SKK 08.12.08 at 5:39 pm
jj - how do you feel about 12 year olds being married to 50 year old men and where does that figure into the equation of earning your way back to Jesus? Do you believe that Warren Jeffs speaks the divine word of God? If obedience to Warren Jeffs is holy and desirable, then why all the obfuscation and secrecy …why not live proudly without shame or excuse and take the consequences as they come. History is flled with martyrs, how would this be ay different?
Chai Tea 08.12.08 at 6:09 pm
Read about a case of REAL abuse and then compare it to what Texas CPS refers to as ‘abuse.’
http://www.tampabay.com/features/humaninterest/article750838.ece
This case will break your heart and when CPS had real reason and cause to intervene….they didn’t.
But…they’ll break down the doors of a peaceful people, tear hysterical children from their mothers arms, separate and traumatize what were emotionally, mentally, and physically healthy children - in the name of ’saving the children.’
Just makes me so sick.
Thomas Forguson 08.12.08 at 7:21 pm
SKK, if you want to know why the FLDS is so secretive, read up on the 1953 Short Creek Raid. If there are 12 year old married to 50 year olds , there are very few of them.

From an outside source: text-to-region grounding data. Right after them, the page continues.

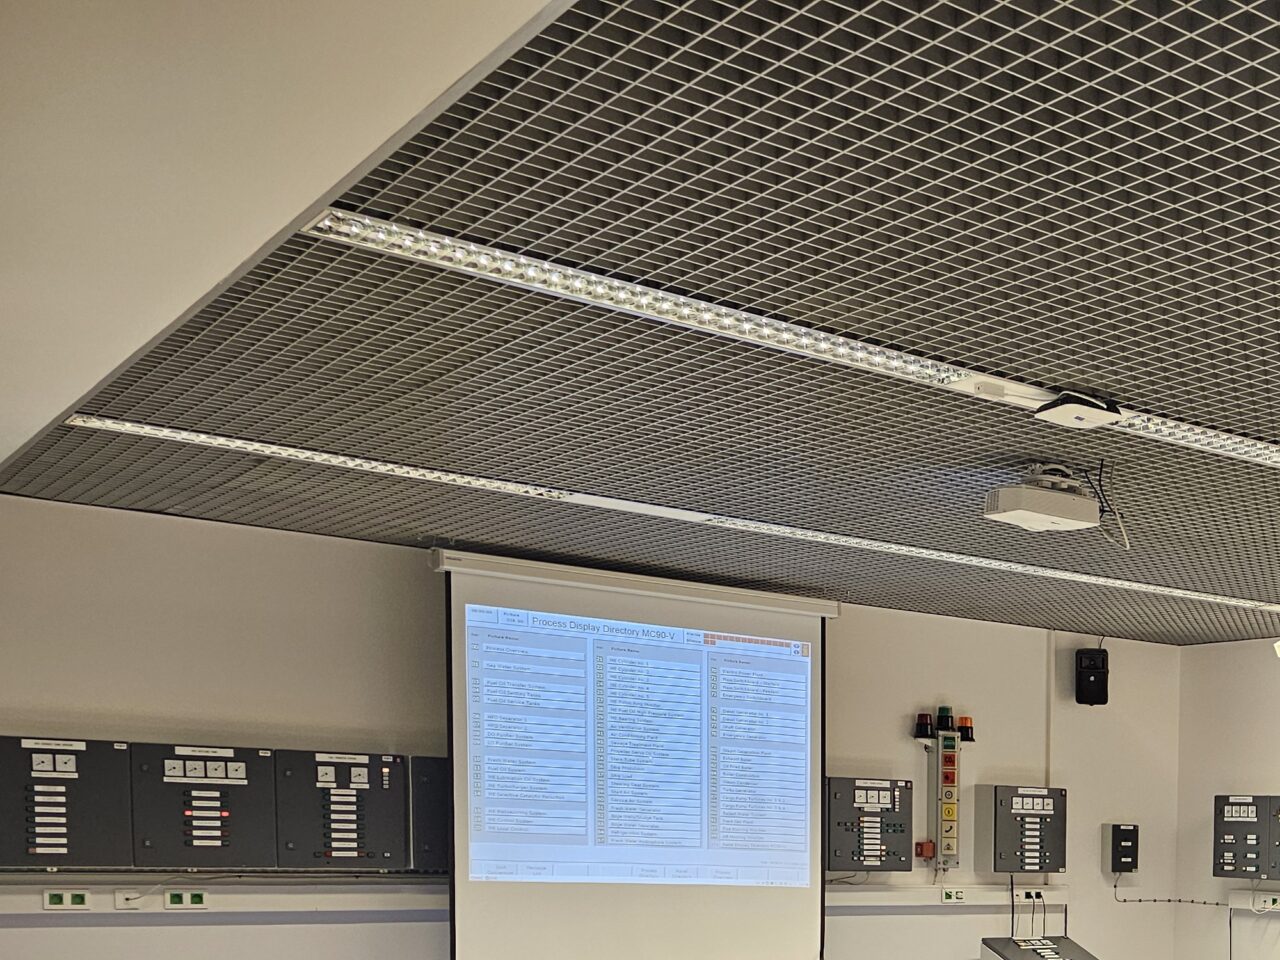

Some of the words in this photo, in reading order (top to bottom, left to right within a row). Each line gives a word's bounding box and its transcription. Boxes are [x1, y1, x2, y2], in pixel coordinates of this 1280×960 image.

[532, 616, 568, 629] Process
[570, 620, 601, 633] Display
[603, 624, 640, 639] Directory
[642, 629, 676, 641] MC90-V
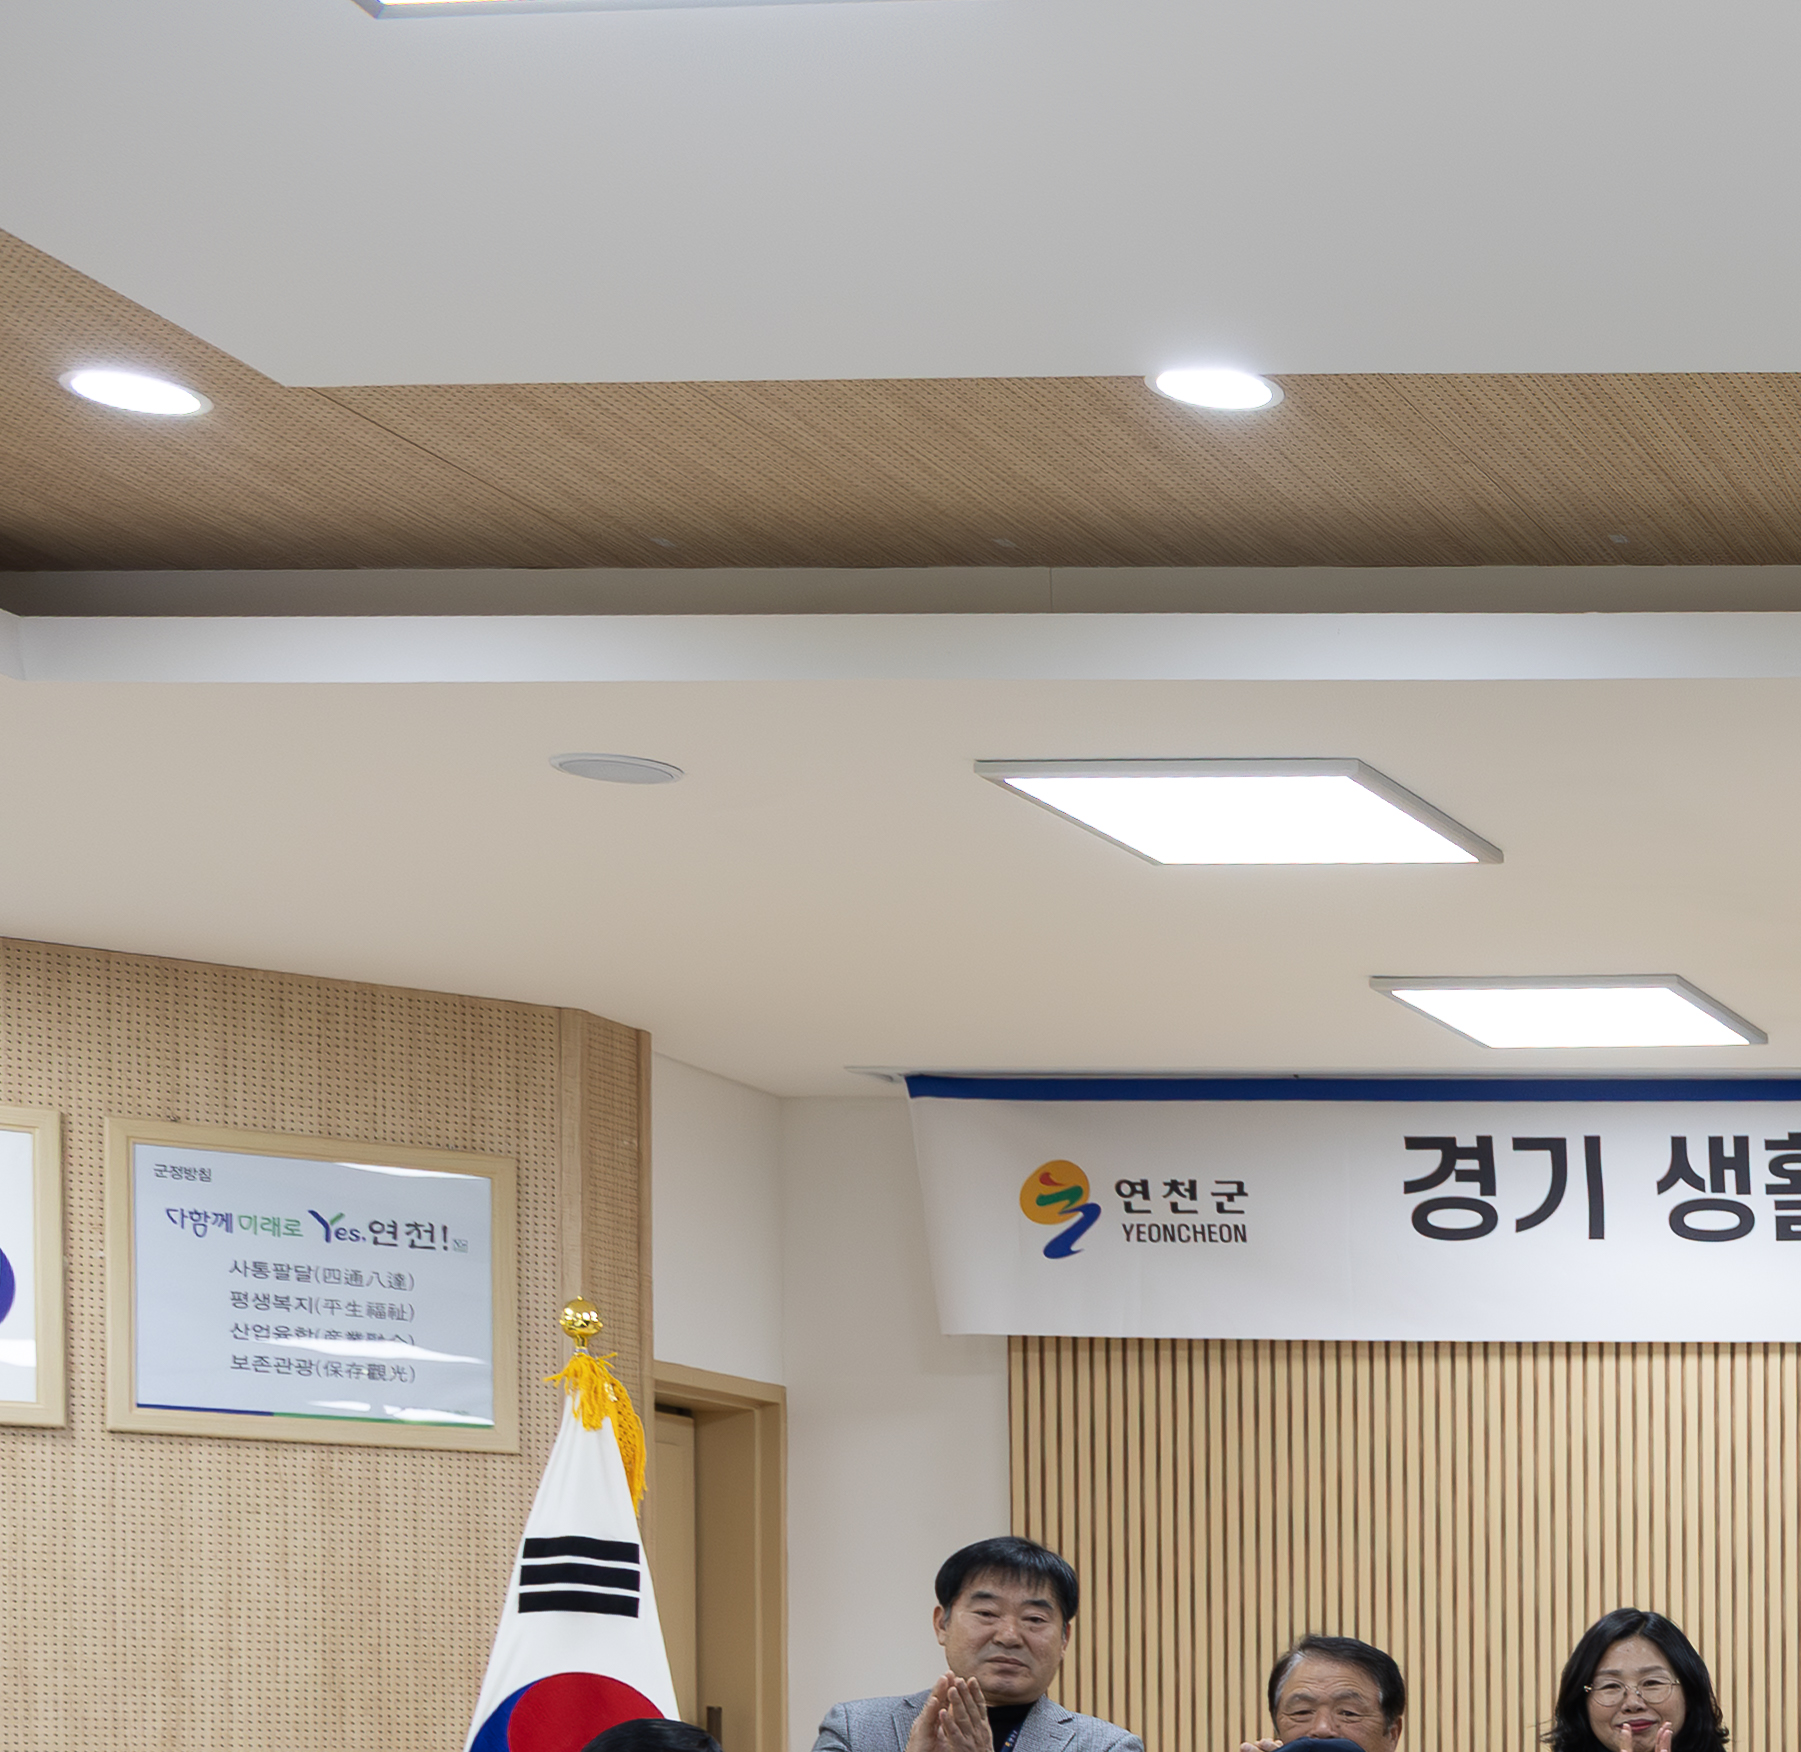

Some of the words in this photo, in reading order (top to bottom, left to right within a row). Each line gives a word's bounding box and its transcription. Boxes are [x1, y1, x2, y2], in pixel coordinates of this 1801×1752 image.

[153, 1164, 212, 1182] 군정방침
[1403, 1135, 1606, 1242] 경기
[1114, 1176, 1249, 1213] 연천군
[165, 1207, 234, 1238] 다함께
[238, 1213, 304, 1238] 미래로
[1122, 1222, 1247, 1245] YEONCHEON
[229, 1260, 415, 1291] 사통팔달(四通八達)
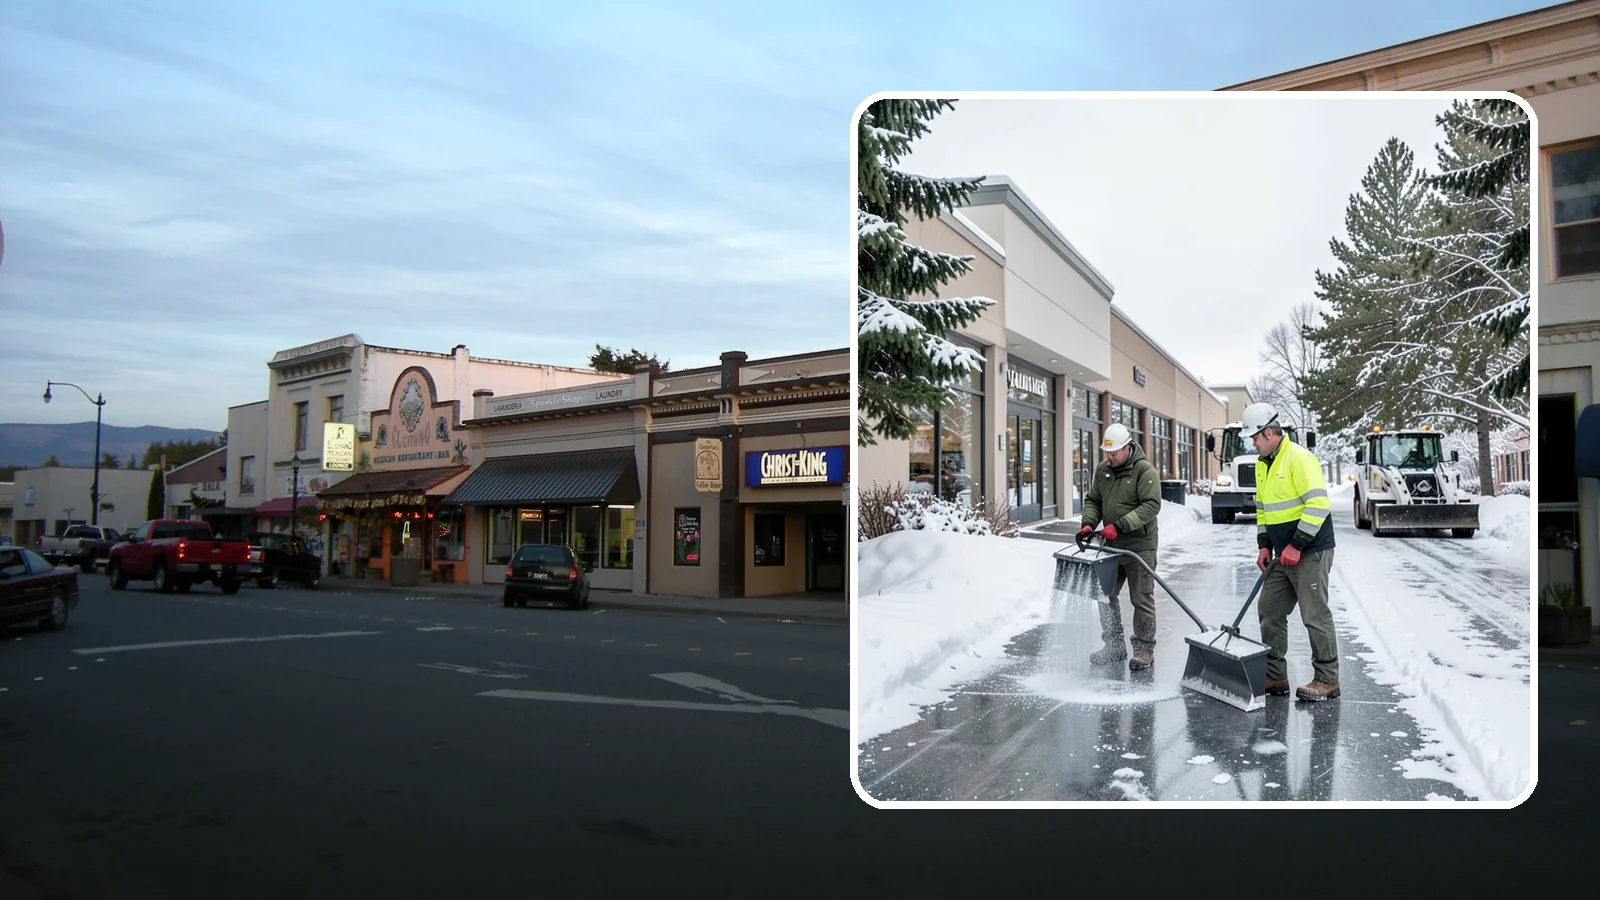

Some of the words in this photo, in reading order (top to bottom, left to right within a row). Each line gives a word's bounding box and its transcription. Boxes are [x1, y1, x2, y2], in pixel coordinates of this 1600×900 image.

[562, 395, 582, 405] Shop
[595, 389, 623, 400] LAUNDRY
[494, 402, 522, 412] LAVANDERIA
[398, 452, 433, 462] RESTAURANT
[438, 450, 450, 459] BAR
[761, 452, 797, 478] CHRIST
[799, 450, 827, 476] KING
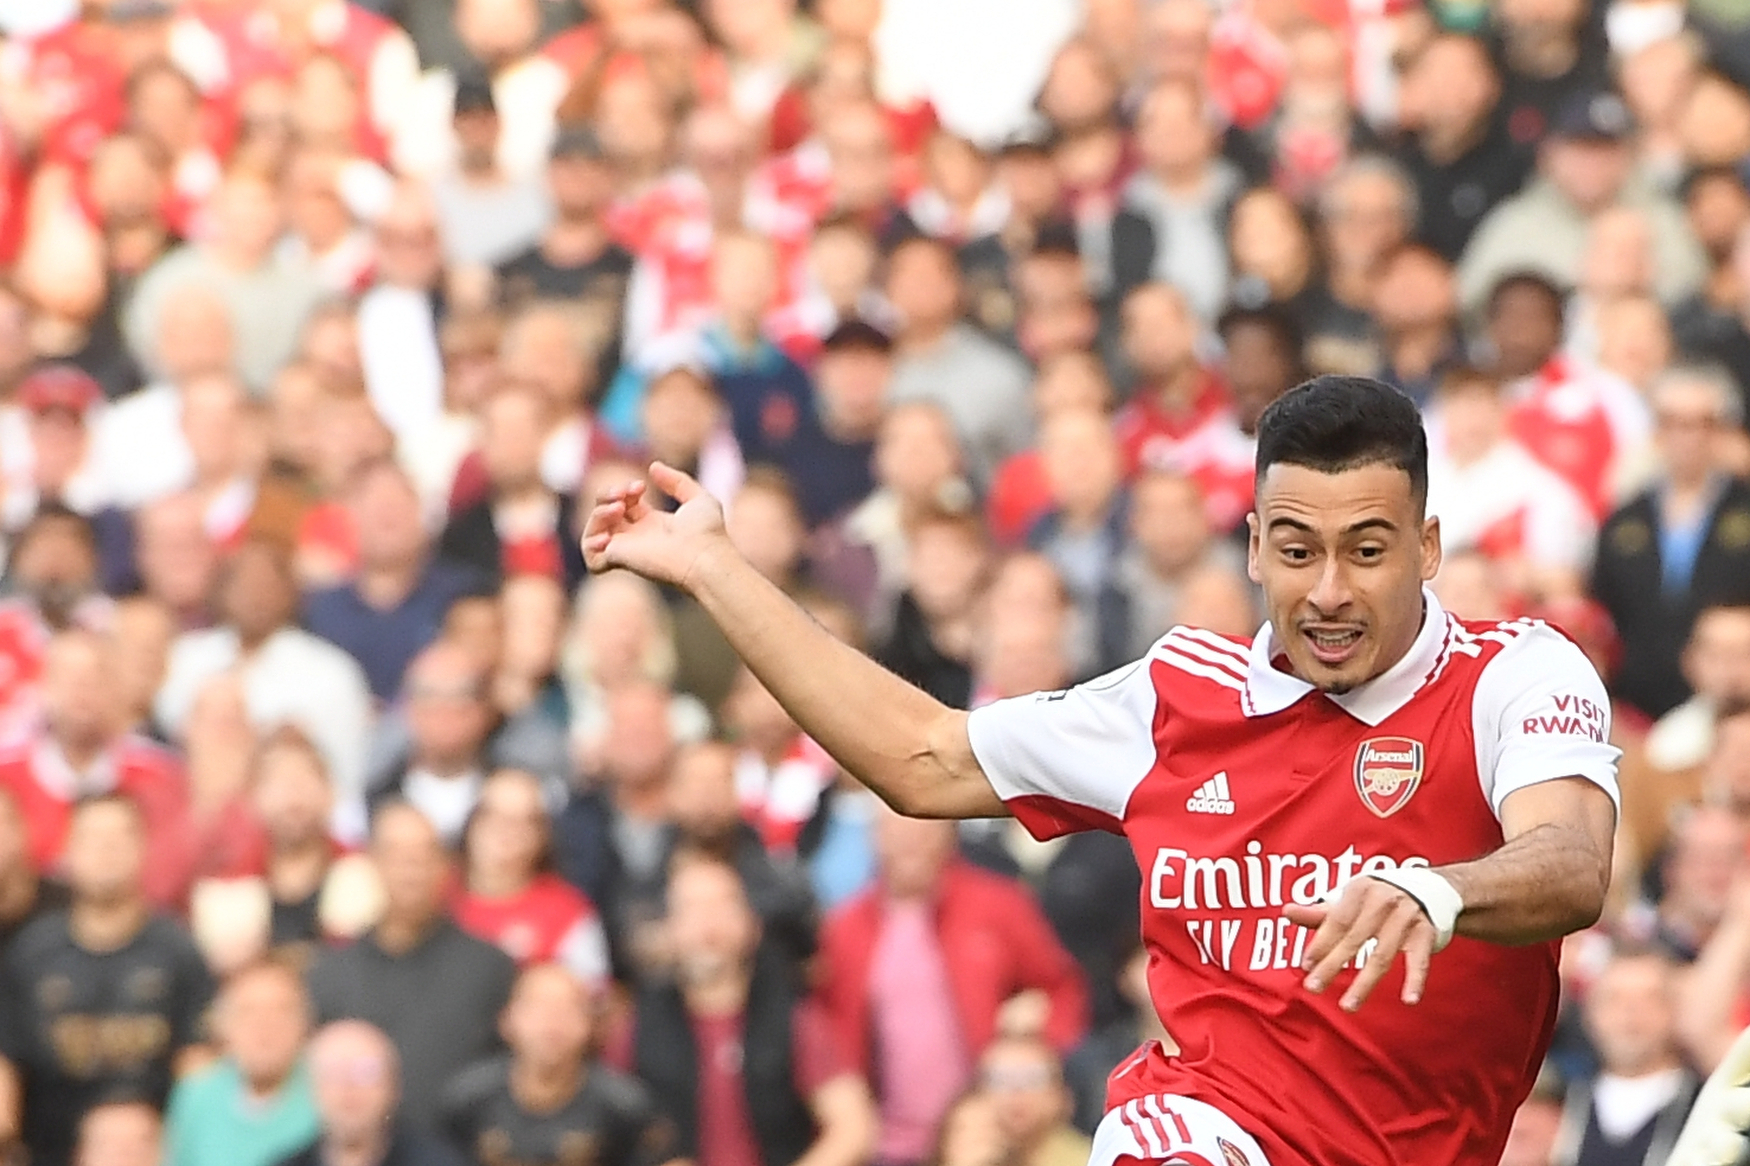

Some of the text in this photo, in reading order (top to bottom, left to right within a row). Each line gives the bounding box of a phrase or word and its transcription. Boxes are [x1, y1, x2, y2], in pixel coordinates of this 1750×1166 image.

[1551, 694, 1606, 730] VISIT
[1365, 749, 1413, 763] Arsenal
[1186, 797, 1235, 815] adidas

Gravitas 08.12.08 at 7:39 pm
As long as CPS is rewarded financially for removing children from birth families and placing them for adoption, there will a huge conflict of interest in THAT system. And therefore, as long as judges consider themselves on the same team with CPS, children’s interests are not being served, at least in the aggregate, by either the courts or CPS.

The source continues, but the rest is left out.